**EXCERPTED RECORDS**
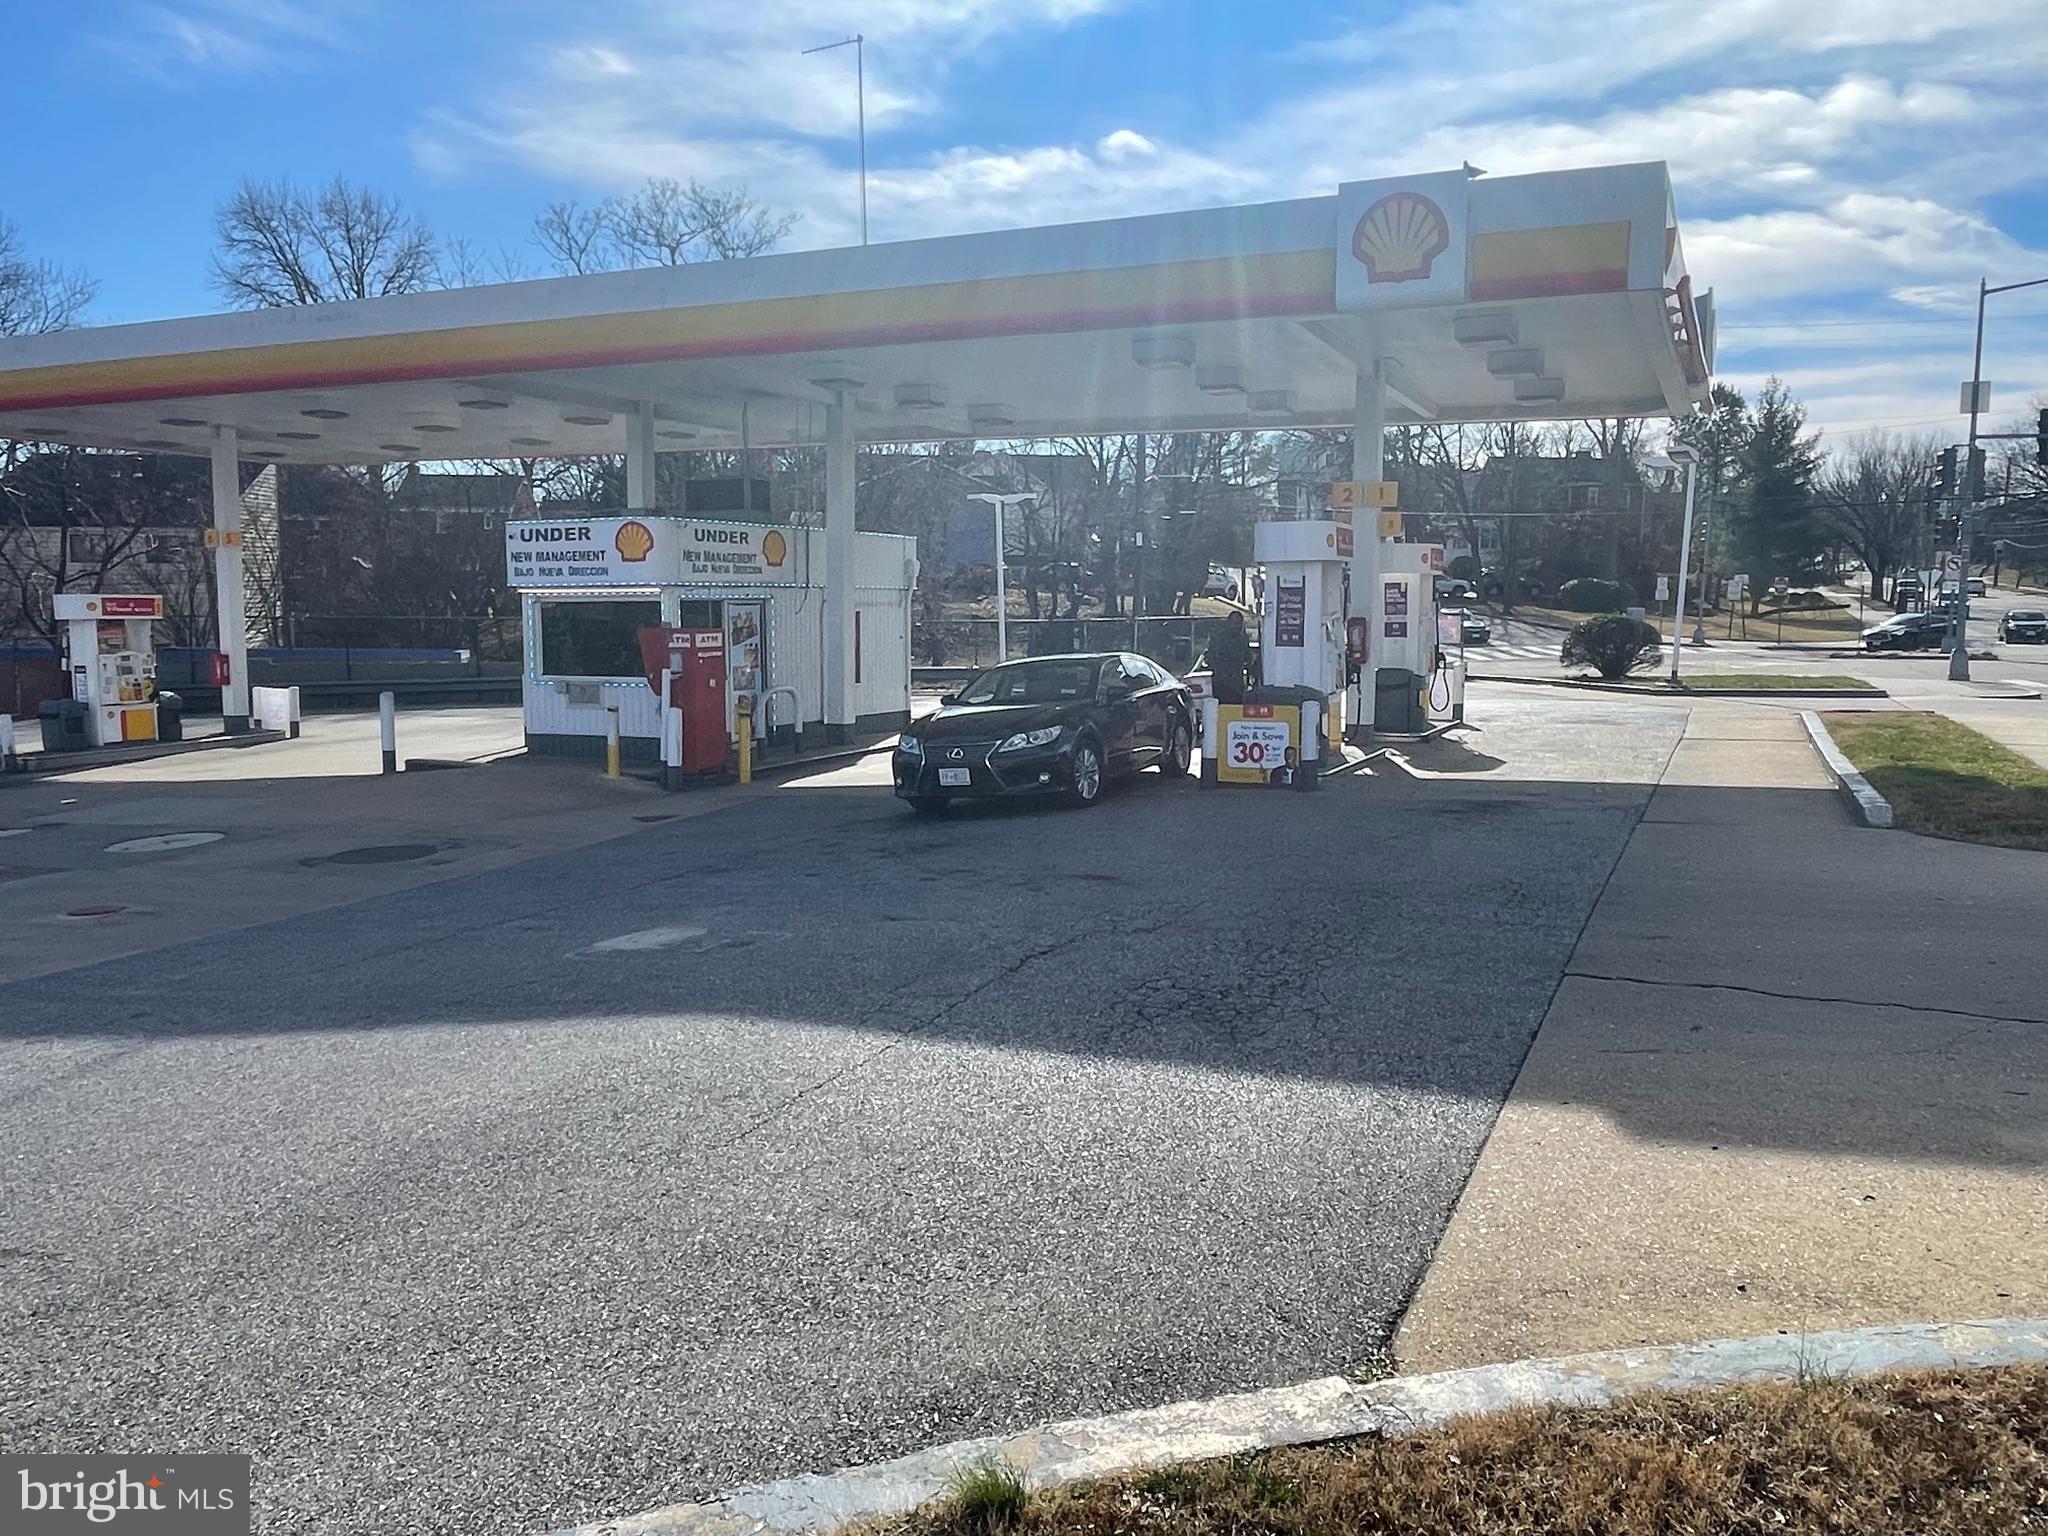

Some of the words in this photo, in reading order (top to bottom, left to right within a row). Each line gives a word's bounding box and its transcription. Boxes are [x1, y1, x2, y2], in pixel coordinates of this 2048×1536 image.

[1342, 487, 1354, 502] 2
[1378, 487, 1385, 500] 1
[520, 526, 592, 543] UNDER
[694, 528, 750, 545] UNDER
[510, 551, 533, 563] NEW
[535, 550, 607, 562] MANAGEMENT
[700, 635, 719, 643] ATM
[1232, 731, 1250, 740] Join
[1252, 731, 1259, 740] &
[1261, 731, 1285, 741] Save

**EXERCISE DESCRIPTION**
Write out the whole listing verbatim, images excluded.

**ANSWER SECTION**
Some of the words in this photo, in reading order (top to bottom, left to right within a row). Each line gives a word's bounding box and its transcription. Boxes are [x1, y1, x2, y2], in pixel coordinates of this 2048×1536 image.

[1342, 487, 1354, 502] 2
[1378, 487, 1385, 500] 1
[520, 526, 592, 543] UNDER
[694, 528, 750, 545] UNDER
[510, 551, 533, 563] NEW
[535, 550, 607, 562] MANAGEMENT
[700, 635, 719, 643] ATM
[1232, 731, 1250, 740] Join
[1252, 731, 1259, 740] &
[1261, 731, 1285, 741] Save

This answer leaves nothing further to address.